> Work order: Write out the records below exactly as they appear, skipping each picture.

> Exercise material:
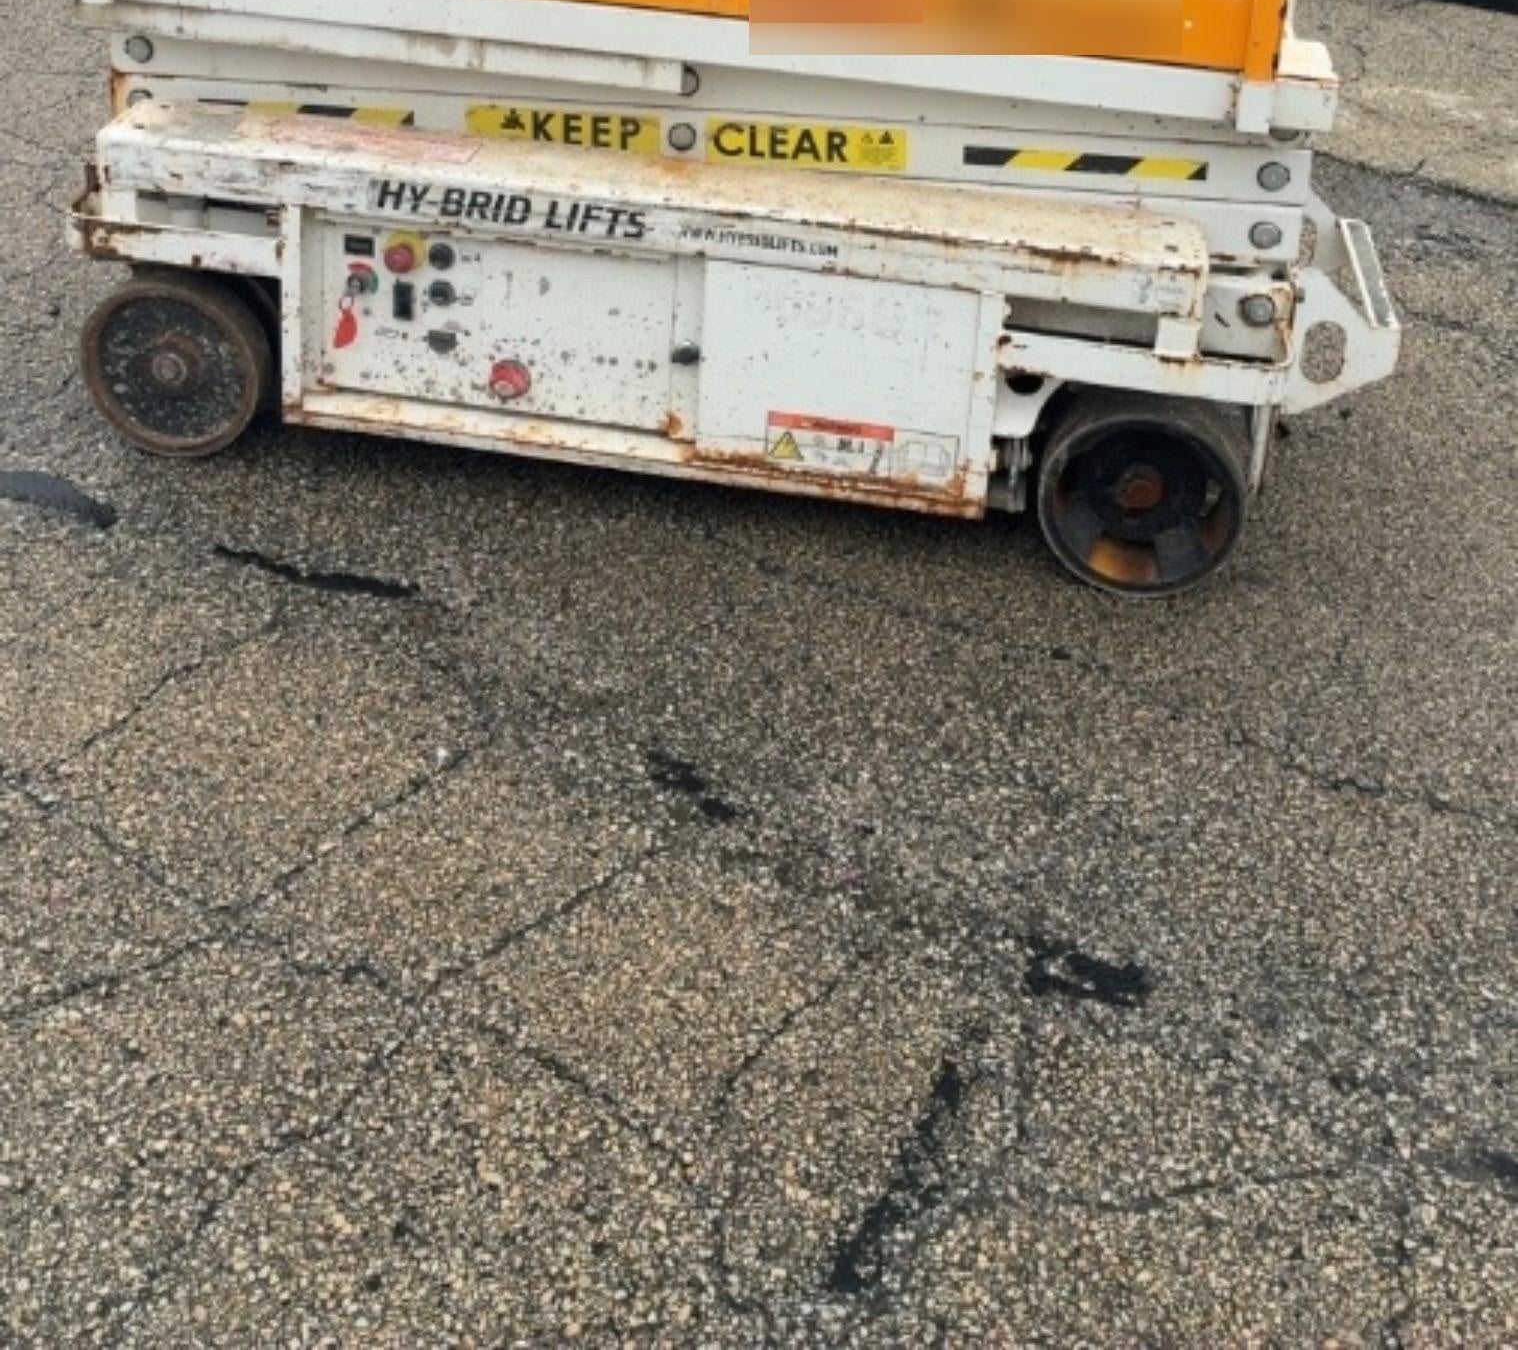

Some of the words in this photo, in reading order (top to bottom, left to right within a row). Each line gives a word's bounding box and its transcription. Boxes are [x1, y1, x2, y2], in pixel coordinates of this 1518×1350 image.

[531, 109, 641, 151] KEEP
[712, 122, 848, 163] CLEAR
[376, 179, 532, 225] HY-BRID
[543, 200, 648, 239] LIFTS
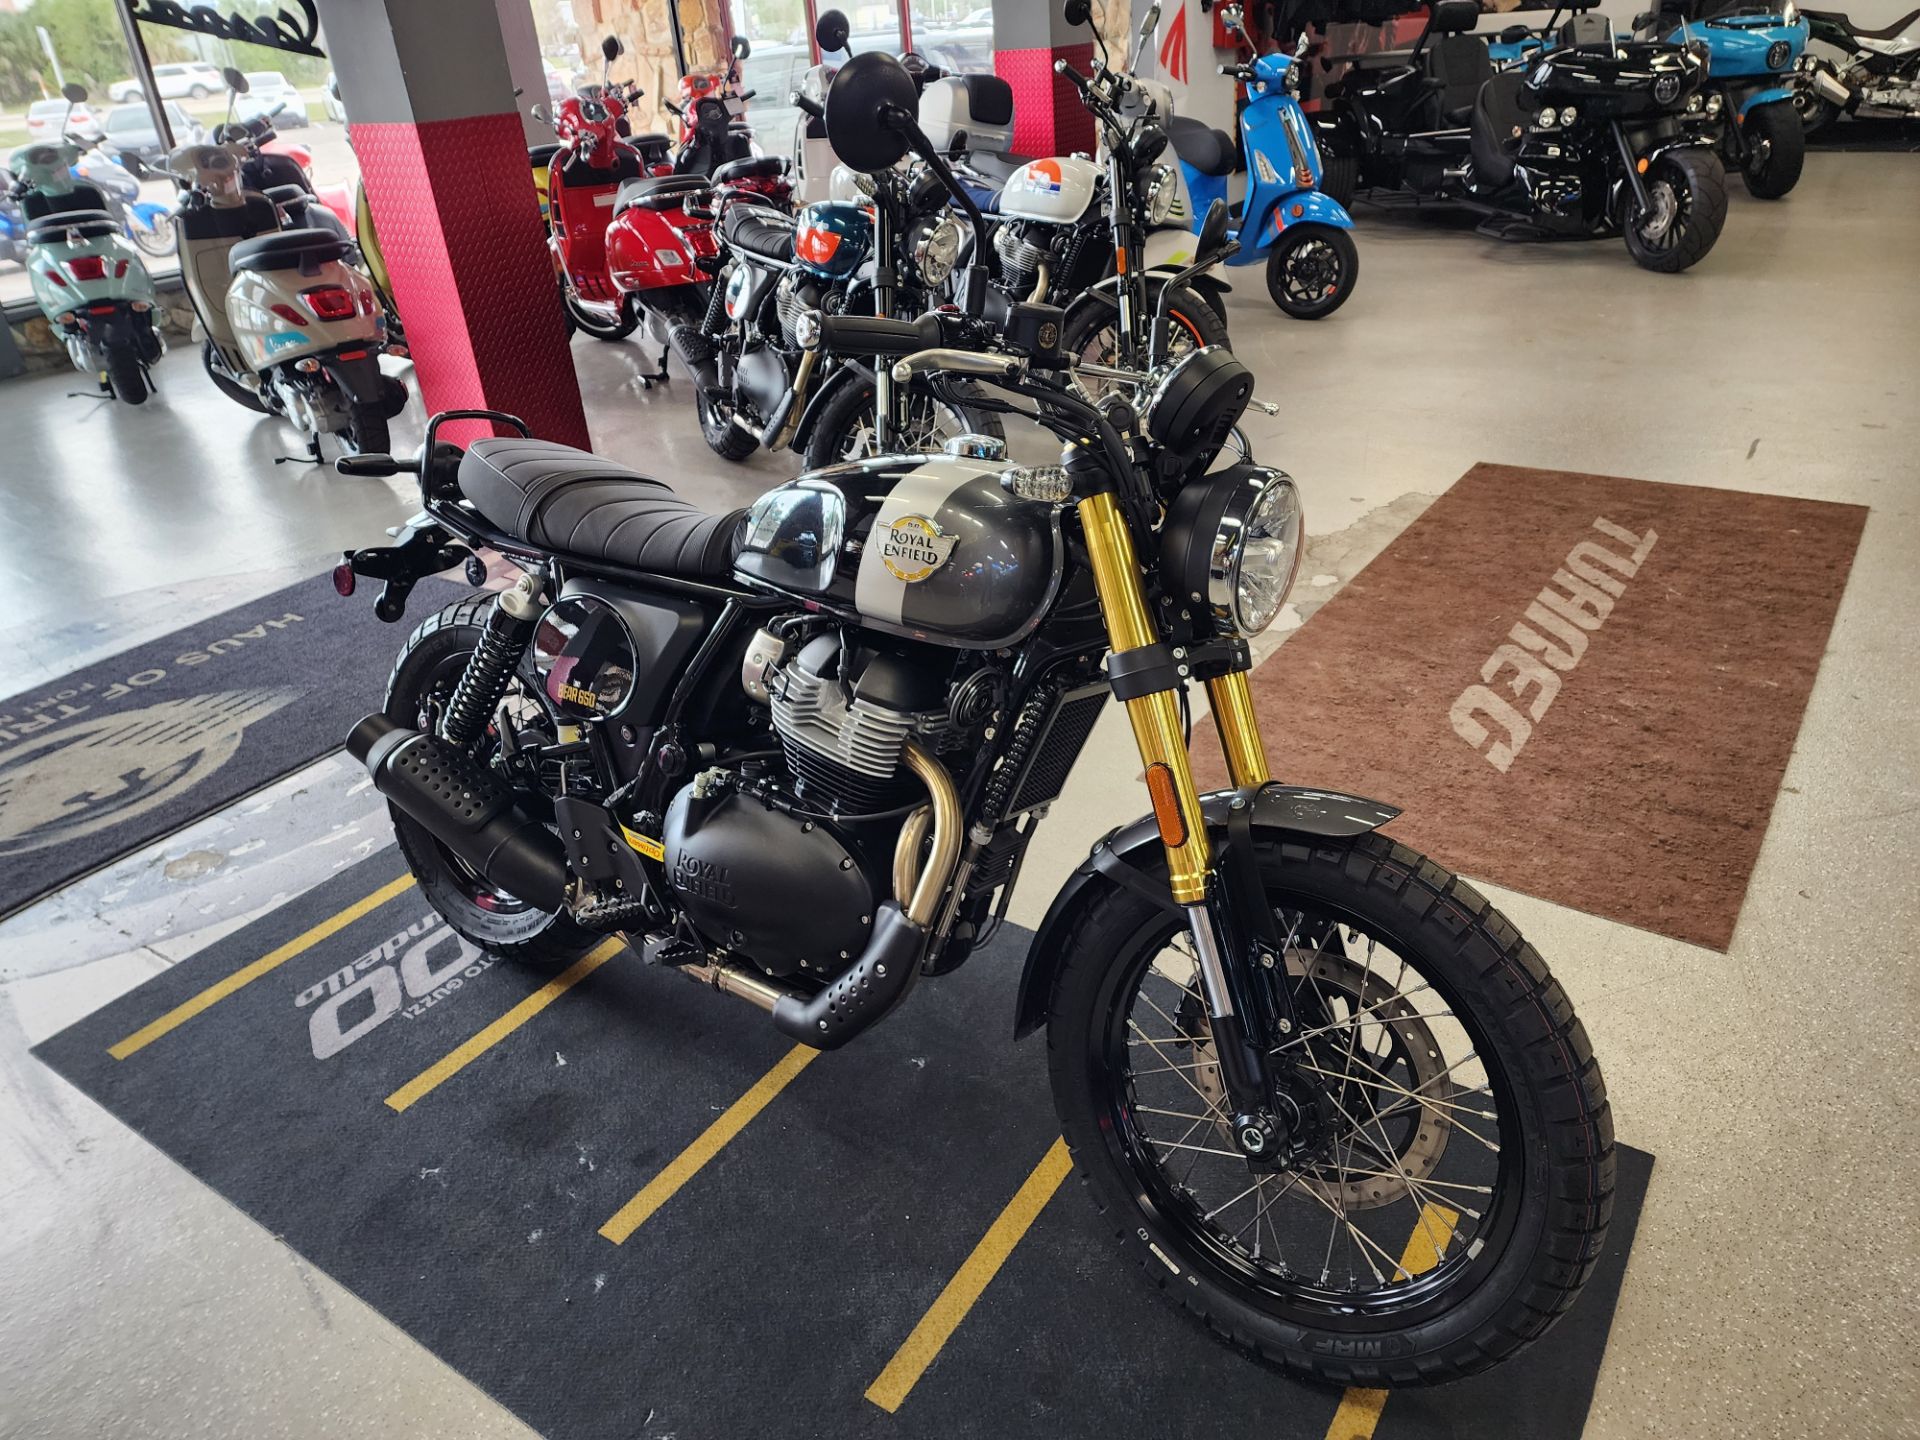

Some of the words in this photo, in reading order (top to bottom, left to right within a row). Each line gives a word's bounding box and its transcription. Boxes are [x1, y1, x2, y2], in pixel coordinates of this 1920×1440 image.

[884, 543, 939, 566] ENFIELD
[890, 528, 934, 549] ROYAL
[175, 612, 305, 666] HAUS
[1449, 516, 1659, 774] TUAREG
[101, 668, 167, 700] OF
[558, 682, 578, 703] BEAR
[577, 689, 596, 709] 650
[0, 702, 91, 747] TRI
[676, 847, 731, 887] ROYAL
[294, 911, 444, 1008] ndello
[401, 977, 464, 1020] GUZZI
[1312, 1339, 1381, 1358] MRF

> Task output:
Some of the words in this photo, in reading order (top to bottom, left to right within a row). Each line gives a word's bounding box and its transcription. Boxes are [x1, y1, x2, y2], in pixel coordinates of this 1518×1350 image.

[531, 109, 641, 151] KEEP
[712, 122, 848, 163] CLEAR
[376, 179, 532, 225] HY-BRID
[543, 200, 648, 239] LIFTS

Some of the words in this photo, in reading order (top to bottom, left to right within a row). Each line gives a word's bounding box and its transcription. Boxes are [x1, y1, x2, y2], in pixel coordinates of this 1920×1440 image.

[884, 543, 939, 566] ENFIELD
[890, 528, 934, 549] ROYAL
[175, 612, 305, 666] HAUS
[1449, 516, 1659, 774] TUAREG
[101, 668, 167, 700] OF
[558, 682, 578, 703] BEAR
[577, 689, 596, 709] 650
[0, 702, 91, 747] TRI
[676, 847, 731, 887] ROYAL
[294, 911, 444, 1008] ndello
[401, 977, 464, 1020] GUZZI
[1312, 1339, 1381, 1358] MRF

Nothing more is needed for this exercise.